In this film, the city of Dayton itself is a central character. As DP, Adam draws on his diverse experience and his unique perspective as a native Daytonian to bring Dayton to life, giving the city a voice in the conversation that is We’re Doing Fine. He looks forward to continuing his 15+ years of visual narrative collaboration with Djuna in We’re Doing Fine.
Cecile Dyer’s energy and commitment to creative collaboration has generated a body of work as varied as her collaborators. Since moving to New York City in 2006, she has worked in styling, and prop and art design for the Rachel Ray Magazine, Esquire, Better Homes and Gardens, Macy’s, and Moschino. She has also illustrated a set of nine children’s books.
With props and wardrobe, art and design, the goal for Cecile is always the same: to tell a story and make the most meaningful connections for the viewer. She looks forward to working closely with the creative team of We’re Doing Fine, translating the film’s story into clear and striking images that help audiences connect.
Eric Rothman is a film editor based in Brooklyn, NY. Inspired by the animated feature films of his youth and by the burgeoning film scene of the early Internet, Eric studied film and animation at the Rochester Institute of Technology in upstate New York.

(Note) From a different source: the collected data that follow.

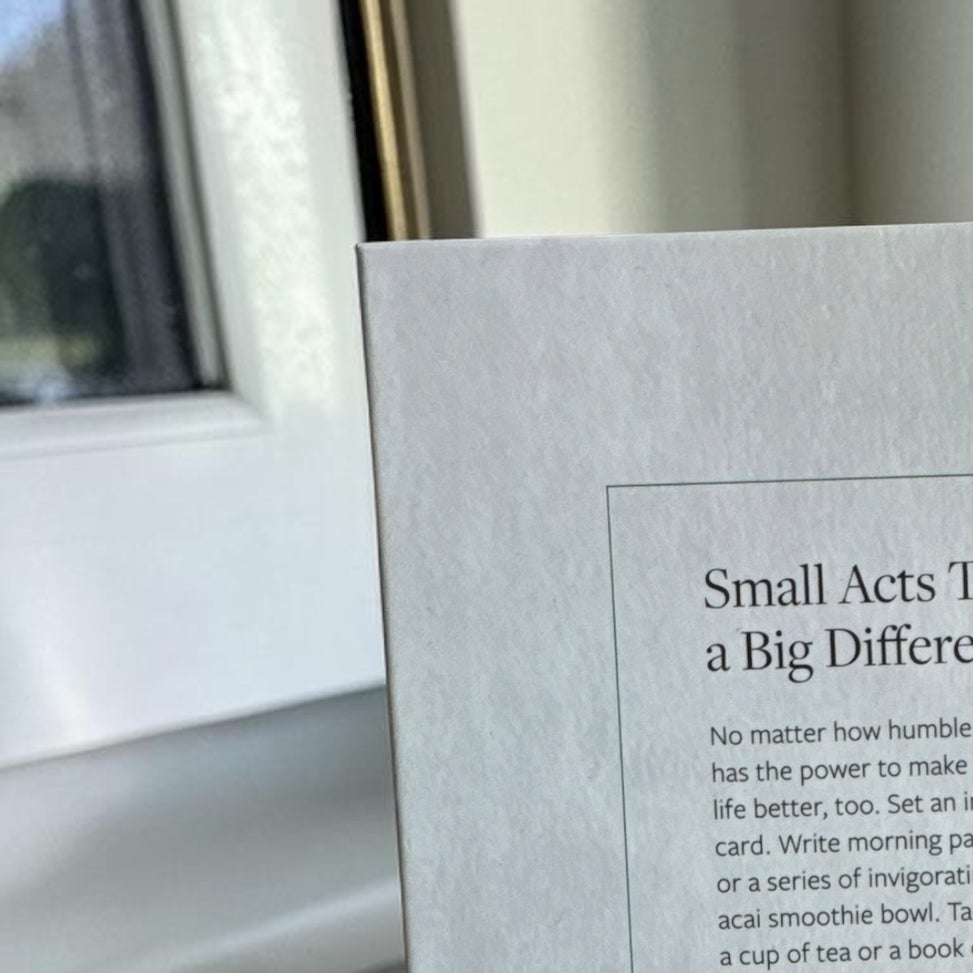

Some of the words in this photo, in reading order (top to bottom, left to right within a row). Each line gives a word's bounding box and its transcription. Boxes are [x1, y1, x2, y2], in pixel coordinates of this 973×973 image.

[704, 563, 828, 609] Small
[838, 564, 936, 604] Acts
[706, 643, 731, 672] a
[740, 630, 814, 684] Big
[710, 726, 743, 746] No
[751, 725, 827, 745] matter
[833, 720, 881, 742] how
[888, 716, 972, 740] humble
[712, 762, 749, 783] has
[755, 760, 792, 782] the
[800, 762, 871, 787] power
[877, 760, 902, 778] to
[909, 754, 967, 776] make
[713, 798, 746, 820] life
[753, 797, 828, 820] better,
[834, 798, 880, 816] too.
[888, 794, 924, 814] Set
[930, 796, 956, 813] an
[715, 834, 770, 857] card.
[778, 833, 840, 854] Write
[848, 829, 942, 856] morning
[717, 877, 742, 893] or
[748, 877, 761, 892] a
[767, 870, 831, 892] series
[838, 867, 862, 889] of
[718, 908, 760, 930] acai
[768, 904, 873, 928] smoothie
[881, 901, 940, 924] bowl.
[720, 951, 732, 966] a
[739, 946, 780, 971] cup
[787, 941, 810, 964] of
[816, 945, 851, 963] tea
[858, 945, 883, 961] or
[889, 945, 902, 960] a
[908, 937, 964, 960] book
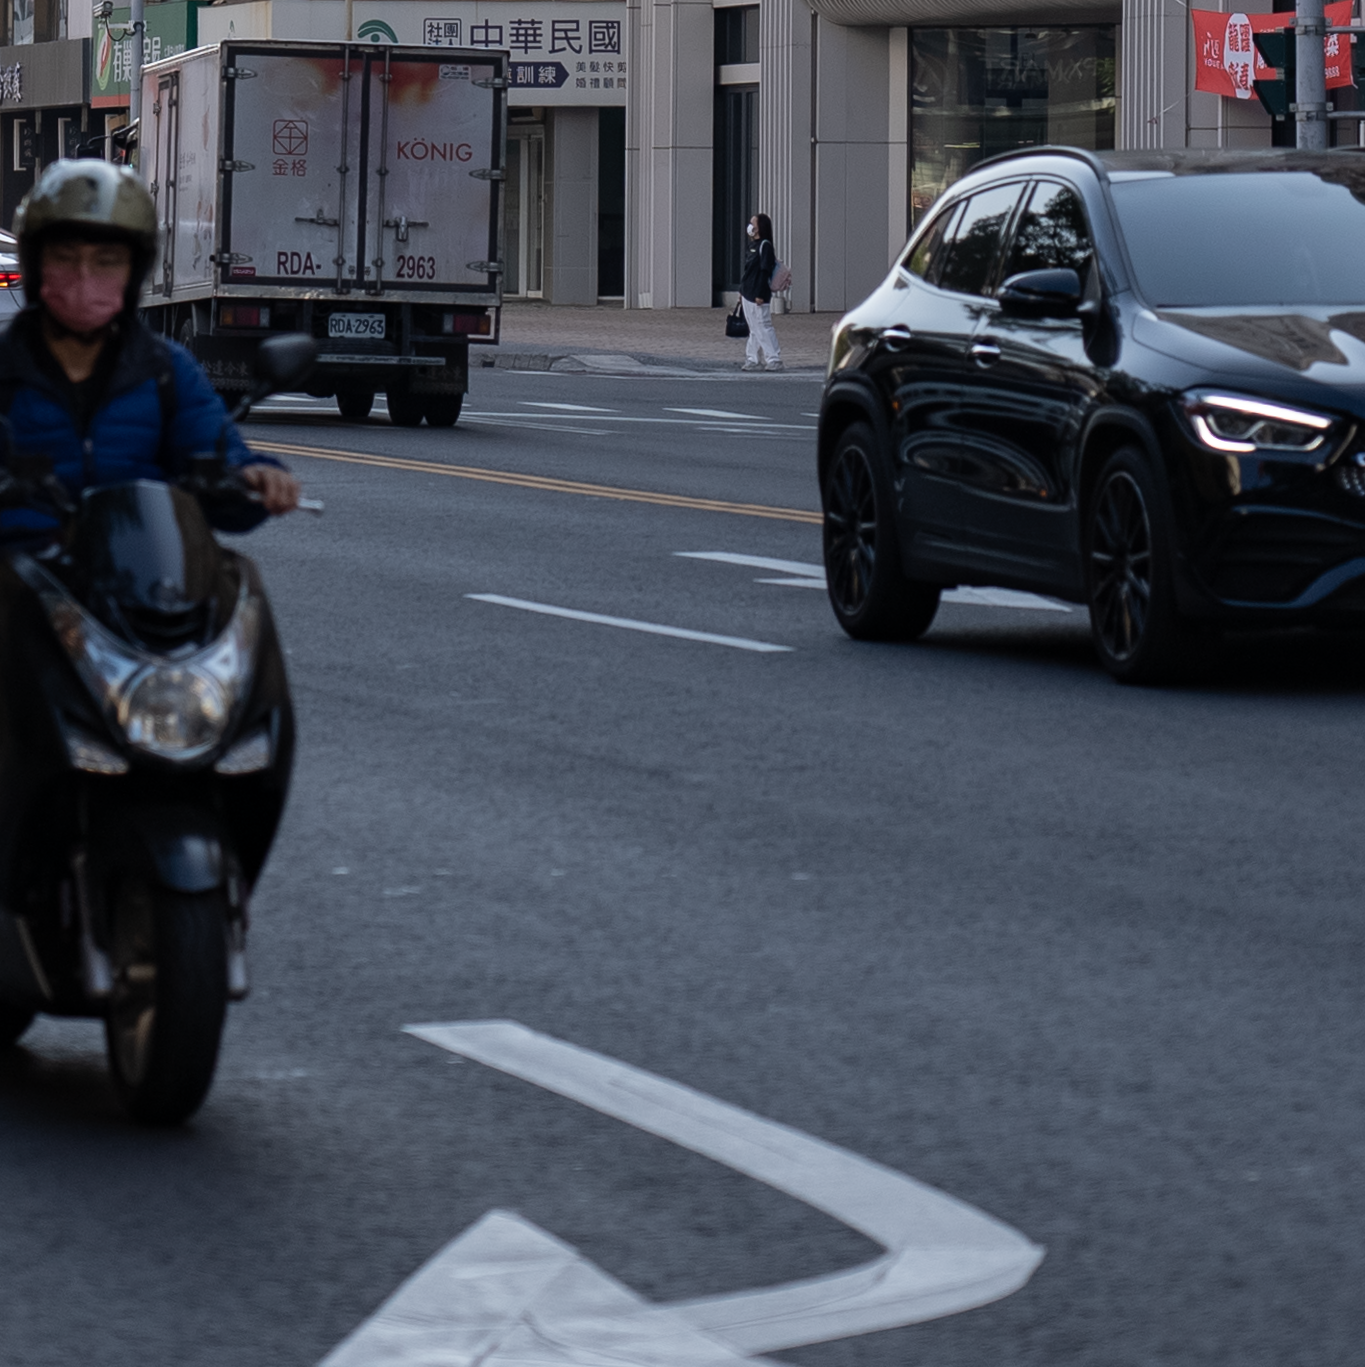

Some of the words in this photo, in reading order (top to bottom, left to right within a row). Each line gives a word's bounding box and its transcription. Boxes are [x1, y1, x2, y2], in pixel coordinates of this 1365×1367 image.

Since then he has worked on a number of short and feature films as an editor, animator and compositor, including Falling Up, Djuna Wahlrab's 2010 short. In between movies, Eric freelances as an animator and editor in the commercial world for such clients as Vice, Nintendo, Nickelodeon and UNICEF. He most recently edited and post-supervised Jack, Jules, Esther & Me, a feature-length independent film.
Eric thinks of the audience as a good friend. When we converse with someone in real life, we communicate ideas or feelings, or just tell stories about interesting things that have happened to us. It’s the same thing that happens when we make movies. Eric sees We’re Doing Fine as a conversation that will continue.
Mike Landry is an award-winning filmmaker whose latest film, The Lifeguard (starring Kristen Bell and Amy Madigan), premiered in the “US Competition” section of The Sundance Film Festival in 2013 and is being distributed by Focus World and Screen Media Films in August. Previous feature films, The Last International Playboy (2009) and Rosecrantz and Guildenstern Are Undead (2010), were released theatrically in the U.S. and abroad. Mike’s work has been featured at dozens of international film festivals including Slamdance, Tribeca, Cannes, Newport, Strasbourg, and Oxford, where he has won awards for comedy, art direction, acting and documentary filmmaking. Mike is also an actor who has appeared on several network television shows including Law & Order, SVU, Rescue Me, NYC 22, Damages and the award-winning Tribeca film Supporting Characters.